Modern discrimination is less often reported but so many of us experience it through the lens of “Is it me or is it them?” rather than the kinds of [overt] racism our grandparents talked about. We’re not looking for discrimination; discrimination finds us, but it has to rise to a certain level for us to report it. We rarely have a public forum.
How do ideas of masculinity complicate how Black men experience this everyday racism?
Well, the world doesn’t react positively to Black folks talking about the discrimination they’ve experienced. [Accusations of pulling] the race card function as a cloak over our collective experience. It’s the elephant in the room and some of us want to [ignore discrimination] as much as others do because we’re tying to negotiate complex interracial experiences. I think this dynamic is more pronounced with Black men than Black women. They’re taught that steel sharpens steel, that they’re supposed to shut down, “man up” and “keep it moving.” They [often] believe that restricted emotionality is essential to being male.

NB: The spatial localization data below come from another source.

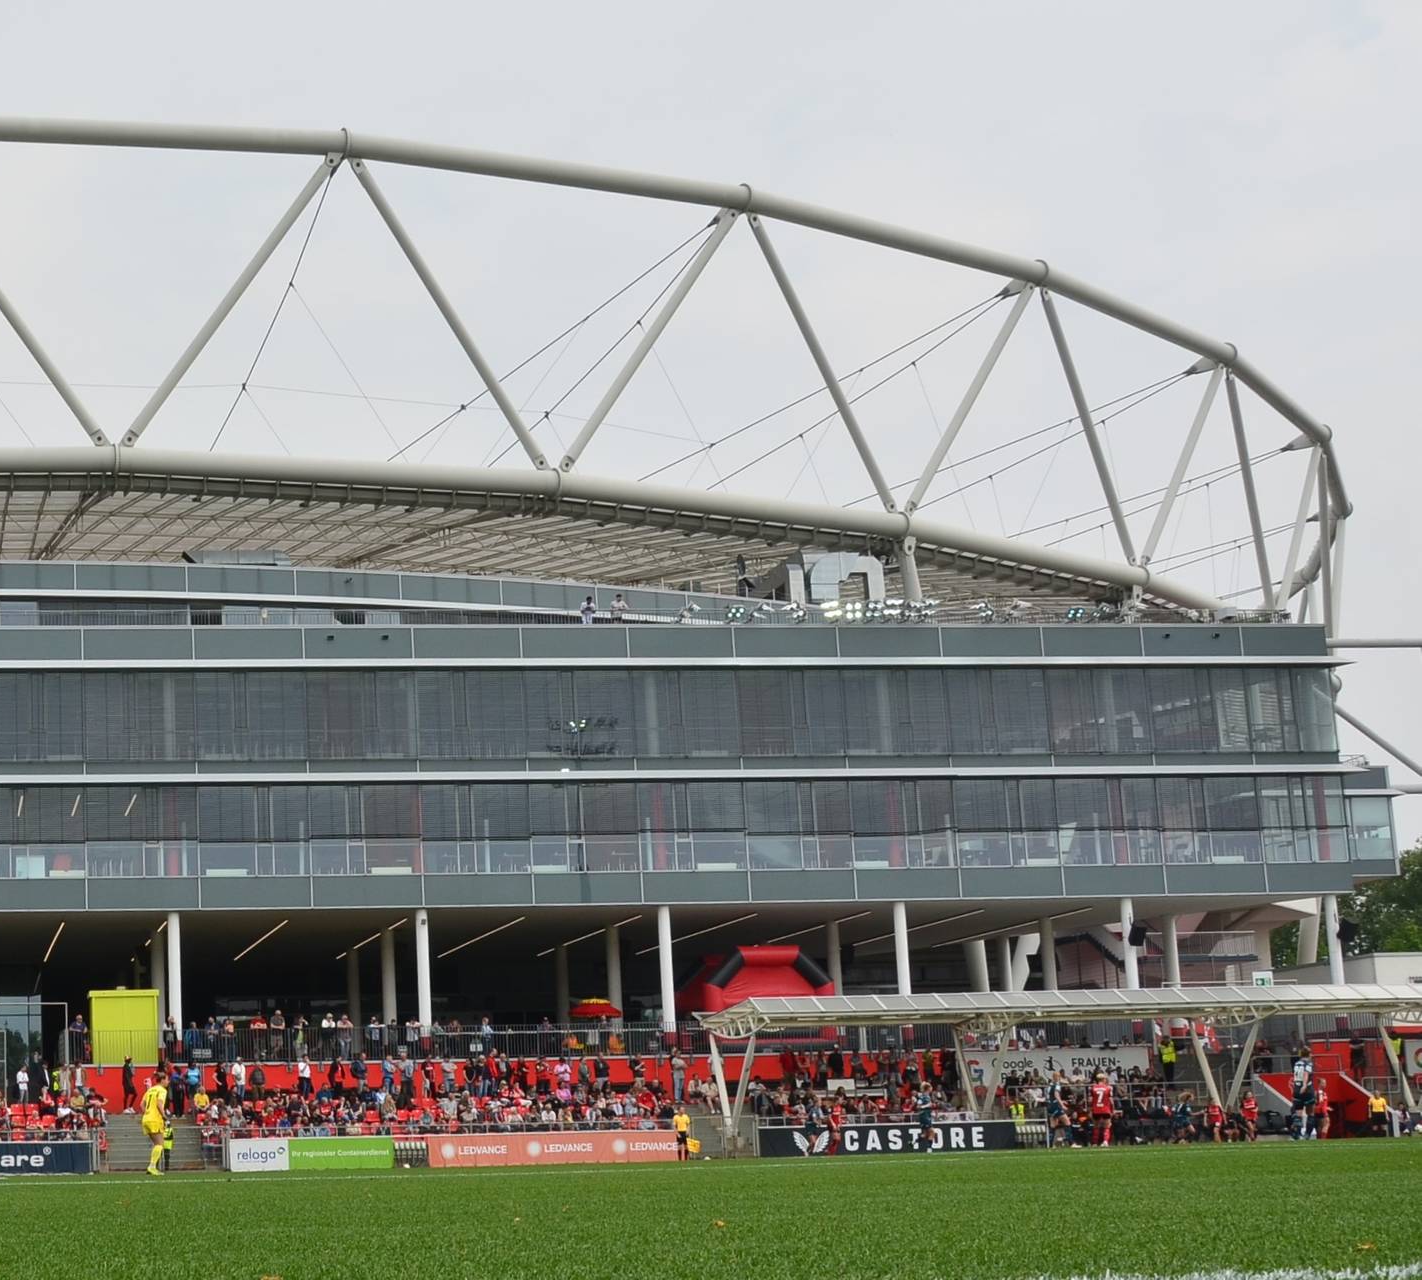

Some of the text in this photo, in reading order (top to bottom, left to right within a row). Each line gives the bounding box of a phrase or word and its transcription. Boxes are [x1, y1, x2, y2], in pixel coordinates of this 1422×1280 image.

[1096, 1090, 1104, 1103] 7
[458, 1145, 507, 1156] LEDVANCE
[544, 1143, 593, 1153] LEDVANCE
[629, 1141, 678, 1152] LEDVANCE
[237, 1147, 276, 1163] reloga

In going through the surveys, did you come across any positive aspects of traditional Black masculinity?
I found two core beliefs about maleness: one was the restrictive emotionality I mentioned. The other is a belief in self-reliance, that a man should be able to make his own way in the world, to “stand on his own two.” In our study, some of the men who [embraced] self-reliance as a masculine norm without restricting their emotionality were less depressed. That tells me that to deal with depression in Black men, we should [focus] on building up their innate sense of self-reliance. It’s an aspect I’m hoping to learn more about.
I have to admit this. There have been times in my life when I’ve had a problem with Black men being “too emotional.” I can hear myself saying to my girlfriends, “Damn, I wish he would stop crying!” And I didn’t mean that literally; I was using “crying” as a euphemism for talking about being in pain. I know I’m not alone…

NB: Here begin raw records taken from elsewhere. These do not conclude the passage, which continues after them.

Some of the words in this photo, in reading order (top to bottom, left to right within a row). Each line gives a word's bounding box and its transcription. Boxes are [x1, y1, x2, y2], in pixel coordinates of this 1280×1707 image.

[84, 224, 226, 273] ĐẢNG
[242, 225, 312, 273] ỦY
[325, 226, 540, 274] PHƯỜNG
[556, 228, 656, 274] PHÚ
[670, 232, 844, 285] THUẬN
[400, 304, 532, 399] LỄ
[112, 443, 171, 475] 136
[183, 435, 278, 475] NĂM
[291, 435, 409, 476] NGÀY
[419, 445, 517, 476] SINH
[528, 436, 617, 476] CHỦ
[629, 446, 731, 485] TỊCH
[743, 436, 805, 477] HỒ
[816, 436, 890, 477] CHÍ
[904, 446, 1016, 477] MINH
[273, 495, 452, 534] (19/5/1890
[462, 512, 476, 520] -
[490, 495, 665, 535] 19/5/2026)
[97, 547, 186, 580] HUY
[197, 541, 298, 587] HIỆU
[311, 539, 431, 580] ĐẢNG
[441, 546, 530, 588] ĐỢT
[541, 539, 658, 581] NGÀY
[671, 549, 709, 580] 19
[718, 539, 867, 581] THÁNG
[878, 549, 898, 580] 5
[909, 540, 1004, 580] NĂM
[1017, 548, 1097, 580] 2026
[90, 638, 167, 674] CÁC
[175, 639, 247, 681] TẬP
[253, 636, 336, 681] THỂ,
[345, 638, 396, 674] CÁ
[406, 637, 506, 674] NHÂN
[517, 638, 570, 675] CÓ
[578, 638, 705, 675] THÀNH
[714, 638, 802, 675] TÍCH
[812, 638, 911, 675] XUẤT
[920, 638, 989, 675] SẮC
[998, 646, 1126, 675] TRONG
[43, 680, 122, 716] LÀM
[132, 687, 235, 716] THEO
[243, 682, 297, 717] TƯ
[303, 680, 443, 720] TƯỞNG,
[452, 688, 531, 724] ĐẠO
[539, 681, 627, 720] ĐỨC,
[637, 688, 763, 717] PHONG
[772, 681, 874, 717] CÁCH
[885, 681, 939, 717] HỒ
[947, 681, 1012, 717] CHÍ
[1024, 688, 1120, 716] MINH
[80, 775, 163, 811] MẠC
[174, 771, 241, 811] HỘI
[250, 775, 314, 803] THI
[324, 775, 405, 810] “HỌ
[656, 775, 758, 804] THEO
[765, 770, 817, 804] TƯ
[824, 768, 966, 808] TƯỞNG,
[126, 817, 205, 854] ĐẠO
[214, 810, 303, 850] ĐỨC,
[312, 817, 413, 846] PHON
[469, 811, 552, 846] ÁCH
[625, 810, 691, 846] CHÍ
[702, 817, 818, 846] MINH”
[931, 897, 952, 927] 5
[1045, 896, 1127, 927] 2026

I think [women] play an important role. I often think about when I saw “Hustle & Flow.” I was sitting behind two girls who were 17 or 18. The main character DJay cries a lot. The first time he did, they were kind of shifting in their seats. The second time, one [called out] “Man, he’s crying again?” The question this raised for me is, “How can we create a context for Black men to share their emotional experience?” We can’t push back on their emotional disclosure.

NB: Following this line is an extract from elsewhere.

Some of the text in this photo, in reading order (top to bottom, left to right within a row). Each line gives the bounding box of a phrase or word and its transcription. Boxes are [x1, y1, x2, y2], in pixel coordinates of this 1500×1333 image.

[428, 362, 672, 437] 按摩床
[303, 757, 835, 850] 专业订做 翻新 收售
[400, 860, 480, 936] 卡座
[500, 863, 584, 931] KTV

OK, so how do we avoid doing that? And what action can we take outside of our interpersonal relationships?
We have to keep channels of dialogue open in our homes and workplaces about discrimination. We can’t tell Black men not to express their anger. Anger is a legitimate emotion. To not express it when it’s an appropriate response is, to me, problematic. We also have to be comfortable with the full range of emotions, to [accept that] anger is not the only response Black men have to racism. They feel shame, they feel sad, the feel upset. And, finally, we have to hold both sides accountable. Ultimately, the [goal] isn’t to help Black men cope better with discrimination—it’s to eliminate the discrimination on a policy and legislative level. The message can’t be, “Stop wearing sagging pants and act better.” Black boys and men need too feel free in the world. We have to move beyond the hoodie.